Step 2: Assembly Overview

The Sonic Mirror instrument consists of seven primary components:

  1. Speaker
  2. Electret USB Microphone
  3. USB Microphone Cable
  4. Breakout Board:
    • Custom PCB
    • Class-D Speaker Amplifier
  5. Wooden Laser Cut and Engraved Enclosure
  6. Raspberry Pi 3
  7. USB Sound Card

Once you've assembled all the materials listed in the previous step, it's easiest to proceed by fabricating and/or prepping components 1 - 5 individually before putting everything together to assemble the ultimate instrument.

As a broad overview, the general assembly steps are as follows, which are described in more granular detail throughout the rest of this Instructable:

  1. Prep the speaker
  2. Fabricate the USB microphone
  3. Fabricate the USB microphone cable
  4. Fabricate the Custom PCB (the main component of the Breakout Board)
  5. Solder all the necessary components (inclusive of the Class-D Speaker Amplifier) to the Custom PCB to completely fabricate the Breakout Board
  6. Laser cut and engrave the wooden enclosure
  7. Assemble the wooden enclosure
  8. Install all of the components within the wooden enclosure
  9. Make all of the necessary cable connections between the internal components:
    • Raspberry Pi to Breakout Board
    • USB Sound Card to Breakout Board
    • USB Microphone Cable to USB Sound Card and Breakout Board
    • Speaker to Breakout Board
  10. Copy (flash) the Sonic Mirror disk image to a mini-SD Card and insert it into the Raspberry Pi
  11. Put the lid on the enclosure to seal it, and plug the USB microphone into the USB port in the lid
  12. Connect the power adapter to activate the Sonic Mirror and turn up the volume!

In regards to the electronics assembly, an abstracted version of the entire circuit is shown in the circuit diagram image of this step.

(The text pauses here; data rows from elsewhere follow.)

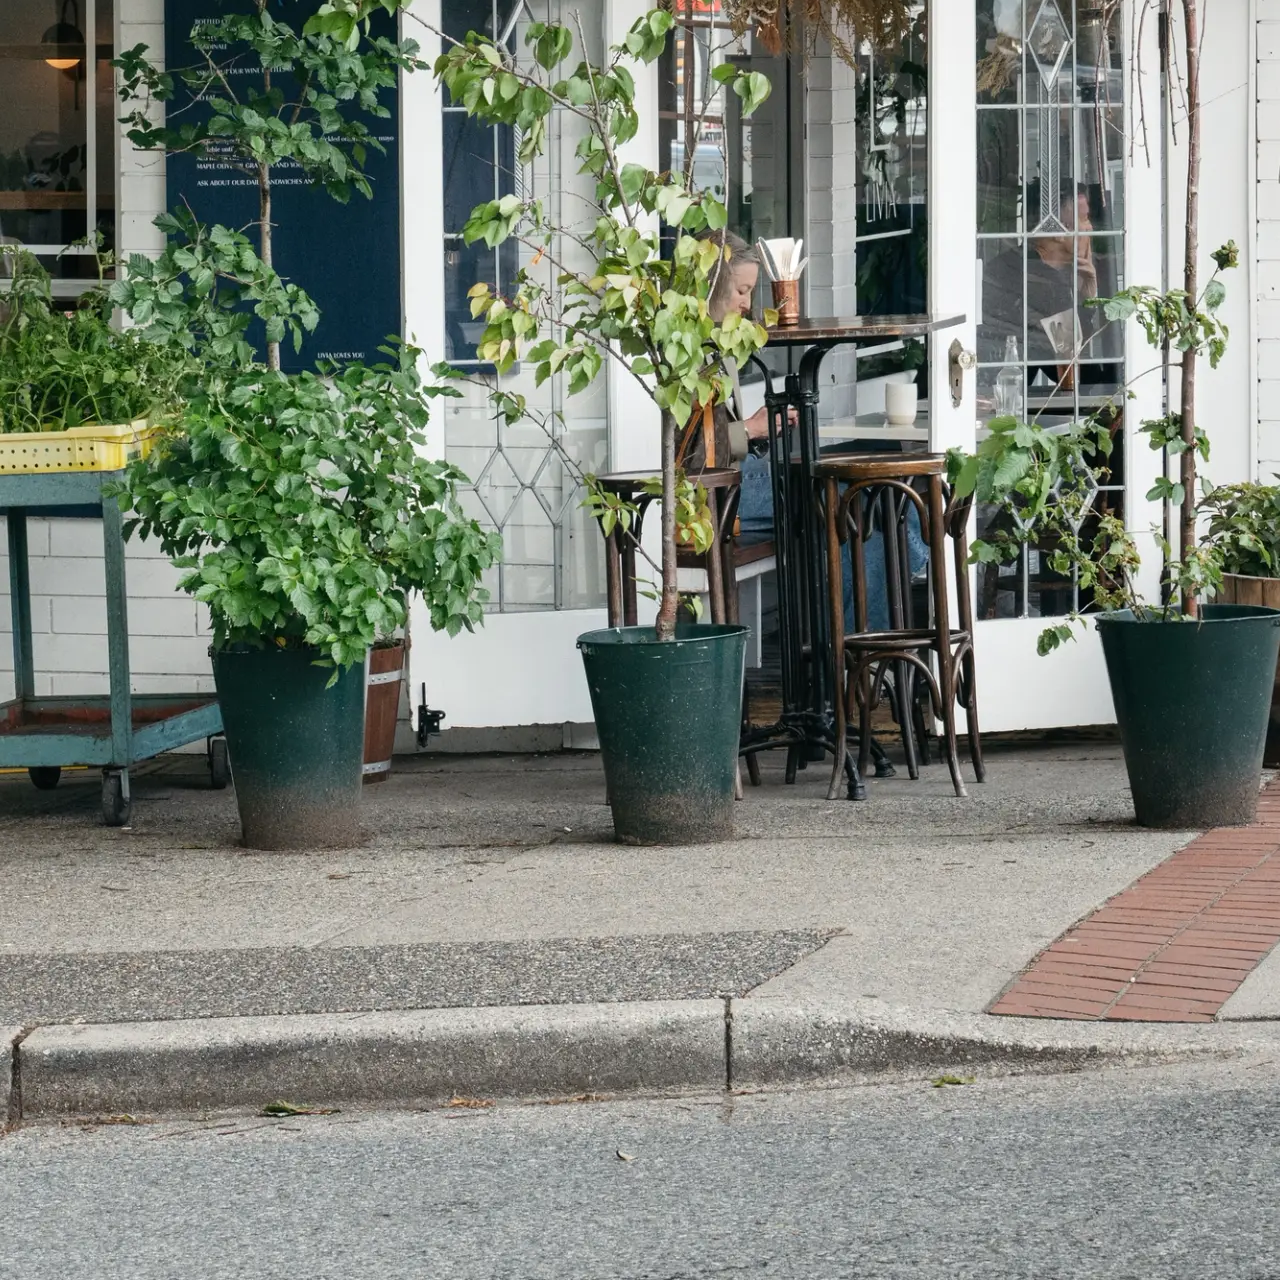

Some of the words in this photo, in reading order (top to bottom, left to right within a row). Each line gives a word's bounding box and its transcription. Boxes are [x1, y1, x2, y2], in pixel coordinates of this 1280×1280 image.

[196, 179, 209, 187] ASK
[267, 178, 303, 186] ANDWICHES
[317, 351, 334, 360] LIVIA
[334, 351, 352, 359] LOVES
[352, 351, 366, 359] YOU
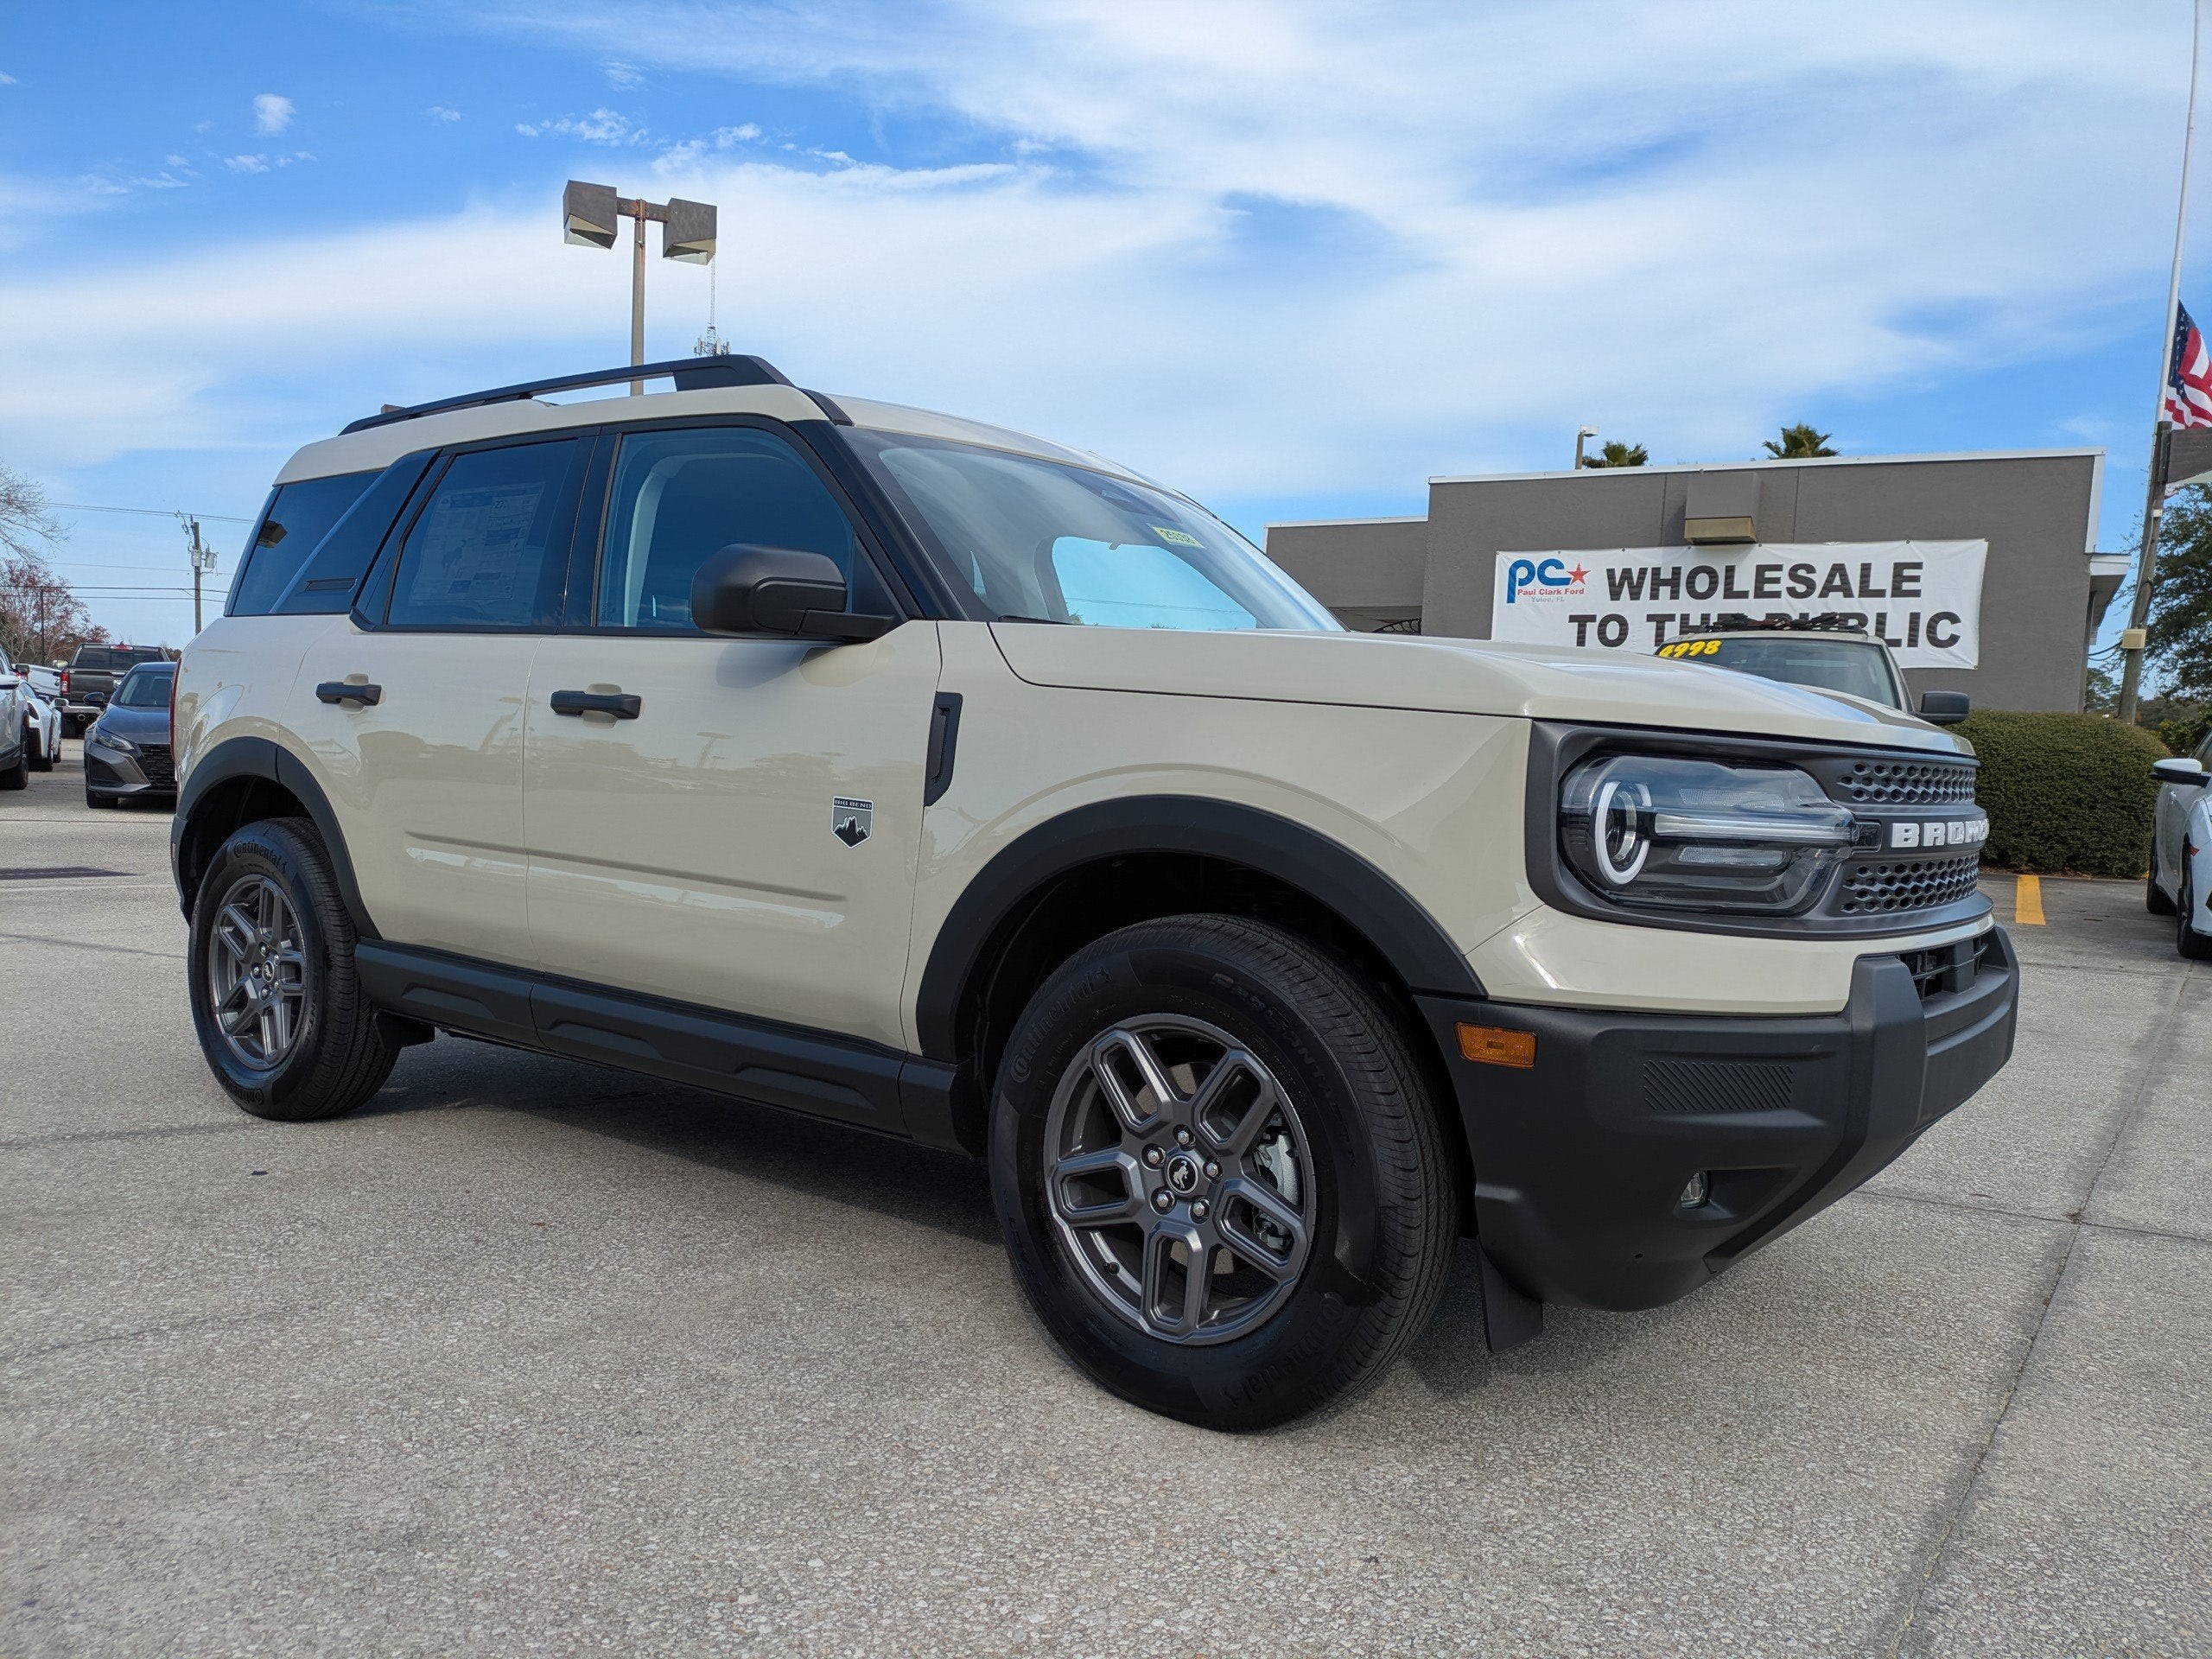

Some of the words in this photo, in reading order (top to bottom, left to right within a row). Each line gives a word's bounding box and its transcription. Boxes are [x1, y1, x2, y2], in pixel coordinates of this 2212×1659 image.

[1606, 562, 1923, 601] WHOLESALE
[1568, 613, 1629, 648] TO
[1646, 613, 1747, 647] TH
[1765, 611, 1961, 648] LIC
[1891, 818, 1989, 848] BRON

Note that this diagram represents all of the interconnections via a solderless breadboard, however the actual Sonic Mirror instruments use a custom PCB to facilitate the interconnections between the various components represented by the circuit diagram. This circuit diagram is simply provided to help you understand how all of the audio and electronic components are connected at an abstracted level (assuming you understand the connectivity of a solderless breadboard). All of the necessary information to fabricate your own custom PCB, as well as more specific circuit schematics and assembly instructions are detailed throughout the remainder of this Instructable.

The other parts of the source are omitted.